Faculty Profile: Temitope (Tope) Adefarakan

Temitope (Tope) Adefarakan

Assistant Professor, Teaching Stream, Canadian Studies Program and Transitional Year Program

Temitope (Tope) Adefarakan.

Tope Adefarakan is an assistant professor, teaching stream in the Canadian Studies Program at University College and the Transitional Year Program, who teaches Black Canadian studies. She holds a PhD in sociology and equity studies from the University of Toronto.

Adefarakan’s current research interests include: Black Indigeneities, frameworks and ways of being as critical and decolonial sites of resistance and affirmation; Black feminisms, and Indigenizing intersectionality to counter the erasure of femicide against Black women, girls, and gender-expansive people in Canada and the U.S.; Indigenizing dis/ability to refute deficit-based constructions of ability through African Indigenous spiritualities and ways of knowing and being; critical interrogations of how anti-Black racism manifests in education and school boards, including an examination of the backlash against critical race theory, and how Black communities resist anti-Blackness.

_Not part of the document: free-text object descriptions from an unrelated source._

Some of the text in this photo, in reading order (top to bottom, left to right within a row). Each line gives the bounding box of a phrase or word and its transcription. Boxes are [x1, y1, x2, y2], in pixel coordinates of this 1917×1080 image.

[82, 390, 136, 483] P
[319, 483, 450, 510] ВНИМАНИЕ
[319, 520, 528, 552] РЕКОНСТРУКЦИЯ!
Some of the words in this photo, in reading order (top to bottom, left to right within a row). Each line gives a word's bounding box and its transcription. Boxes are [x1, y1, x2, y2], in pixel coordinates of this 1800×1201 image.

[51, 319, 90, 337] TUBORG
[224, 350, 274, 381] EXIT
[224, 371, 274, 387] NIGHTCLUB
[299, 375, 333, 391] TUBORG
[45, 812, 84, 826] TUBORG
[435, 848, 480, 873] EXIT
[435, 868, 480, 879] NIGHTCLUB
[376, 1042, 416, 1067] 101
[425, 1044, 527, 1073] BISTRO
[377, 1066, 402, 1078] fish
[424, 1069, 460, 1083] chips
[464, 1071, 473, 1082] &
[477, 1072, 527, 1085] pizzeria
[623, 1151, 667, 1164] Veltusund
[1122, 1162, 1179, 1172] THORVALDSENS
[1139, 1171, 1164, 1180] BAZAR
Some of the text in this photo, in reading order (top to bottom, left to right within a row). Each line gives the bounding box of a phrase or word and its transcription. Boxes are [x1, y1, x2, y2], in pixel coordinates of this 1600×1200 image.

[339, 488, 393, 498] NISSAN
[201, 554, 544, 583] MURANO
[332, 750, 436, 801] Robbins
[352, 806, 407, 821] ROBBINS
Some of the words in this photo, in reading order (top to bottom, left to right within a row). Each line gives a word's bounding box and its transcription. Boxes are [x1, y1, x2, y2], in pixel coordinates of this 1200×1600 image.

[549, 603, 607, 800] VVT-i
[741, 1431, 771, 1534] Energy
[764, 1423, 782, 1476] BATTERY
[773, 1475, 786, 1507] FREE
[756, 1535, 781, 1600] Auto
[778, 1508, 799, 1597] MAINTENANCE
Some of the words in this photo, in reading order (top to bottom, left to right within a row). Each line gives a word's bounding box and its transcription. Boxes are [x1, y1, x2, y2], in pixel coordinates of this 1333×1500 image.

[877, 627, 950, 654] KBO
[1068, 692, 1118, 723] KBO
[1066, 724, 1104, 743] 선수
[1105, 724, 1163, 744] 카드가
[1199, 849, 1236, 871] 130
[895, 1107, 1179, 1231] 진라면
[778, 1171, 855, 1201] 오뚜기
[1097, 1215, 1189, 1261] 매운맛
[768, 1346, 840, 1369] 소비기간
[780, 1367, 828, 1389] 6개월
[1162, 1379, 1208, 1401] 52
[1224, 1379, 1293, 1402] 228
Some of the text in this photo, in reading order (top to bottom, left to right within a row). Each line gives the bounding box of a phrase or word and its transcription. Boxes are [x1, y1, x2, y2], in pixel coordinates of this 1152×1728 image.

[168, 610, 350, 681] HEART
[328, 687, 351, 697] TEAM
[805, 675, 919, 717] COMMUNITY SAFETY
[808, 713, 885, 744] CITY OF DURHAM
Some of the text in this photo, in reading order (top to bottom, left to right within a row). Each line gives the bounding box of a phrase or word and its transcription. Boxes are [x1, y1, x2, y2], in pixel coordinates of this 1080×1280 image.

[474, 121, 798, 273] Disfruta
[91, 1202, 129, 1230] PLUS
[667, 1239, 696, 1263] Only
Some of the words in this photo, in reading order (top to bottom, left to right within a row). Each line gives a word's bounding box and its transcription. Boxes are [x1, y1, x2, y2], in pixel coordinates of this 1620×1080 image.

Adefarakan’s publications include her research on Indigeneity and Black Canadian Studies, titled The Souls of Yoruba Folk: Indigeneity, Race and Critical Spiritual Literacy in the African Diaspora (Peter Lang, 2015), and a contributing chapter in Sharing Breath: Embodied Learning and Decolonization titled, “Integrating Body, Mind, and Spirit Through the Yoruba Concept of Ori: Critical Contributions to a Decolonizing Pedagogy.”